Liza had been able to wean Danica from directly drinking from the placenta plant, and the tall structure had yellowed, looking slightly deflated. Instead of bottles of purple fluid, we were now giving her sap diluted half by water. Around this time, Liza began to experiment with supplementing the fluid into foods (and by food, I mean mac and cheese, which was about the only thing our picky eater would consistently down) rather than having her drink it.
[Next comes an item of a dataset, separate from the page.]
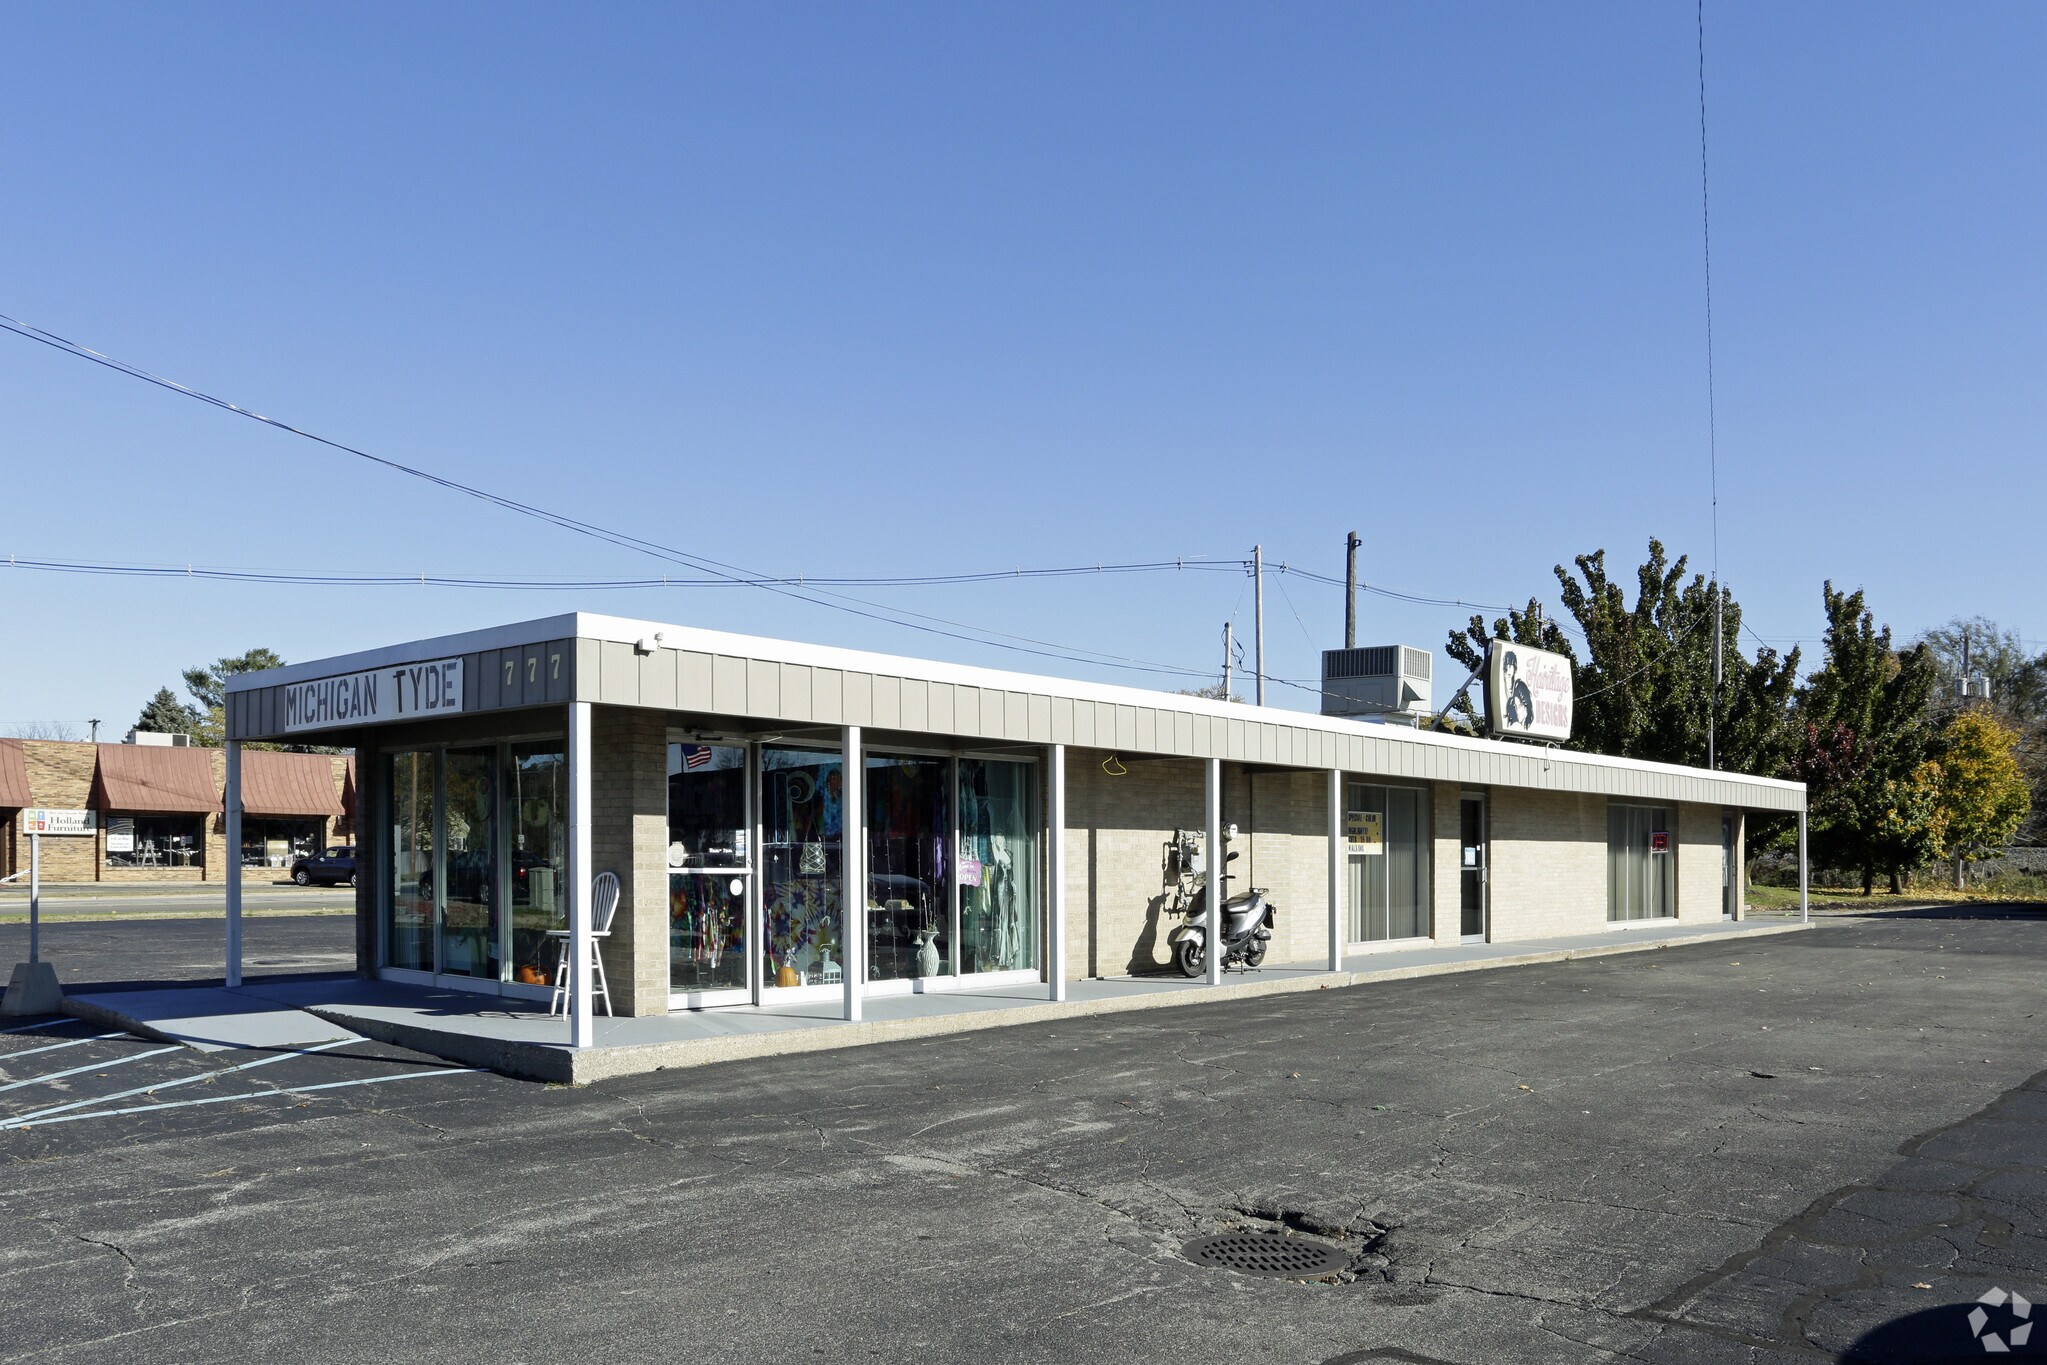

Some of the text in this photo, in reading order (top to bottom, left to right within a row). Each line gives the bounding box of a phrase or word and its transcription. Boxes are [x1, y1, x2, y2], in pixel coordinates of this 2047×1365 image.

The less she drank, the more the plant wilted. The green face of my wife dropped, and Liza only gave blood to its roots maybe once a month.
“It’s going to wilt soon,” Liza informed me over breakfast. She didn’t meet my eye and kept glancing toward the greenhouse.
“That’s good, right?” I asked. “You said that might happen when Dani doesn’t need it anymore.”
“Well,” she bit her lip. “Yes. But I was thinking, you know, Dani’s getting older, and I can’t help but think….”
“What?”
“Do we want to stop here?”
Confused, I waited for her to elaborate.
“You know, with kids. I always wanted two.”
It seemed like we had already gotten our miracle: Dani. The year that led up to her ‘birth’ was shrouded in mystery, mainly because what Liza could explain was beyond my understanding or too fantastical to merit, but I knew one thing. It had taken its toll on my wife. She’d been depressed during that period about her infertility, but I knew the work was draining.
“Liza,” I said softly. “You put yourself through hell for this. You don’t want to do that again.”
Her hands kept smoothing out invisible wrinkles in the placemats. “I don’t think I would. Not while the ‘Mother’ grows.” This was what she called the placenta plant. “I think I can gestate a new child. No new formulas, not much more work than I already do. Maybe I’d have to set more traps, find dome more animals for Mother. But I’d have to do it before the Mother wilts, or I’d have to start from scratch.”
How could I say no?
So, Liza took blood samples from the two of us- many blood samples. She drew what felt like a pint a night and spent much more time in the greenhouse than usual. Dani trailed after her, happily learning the names of plants and tasting sweet fruits.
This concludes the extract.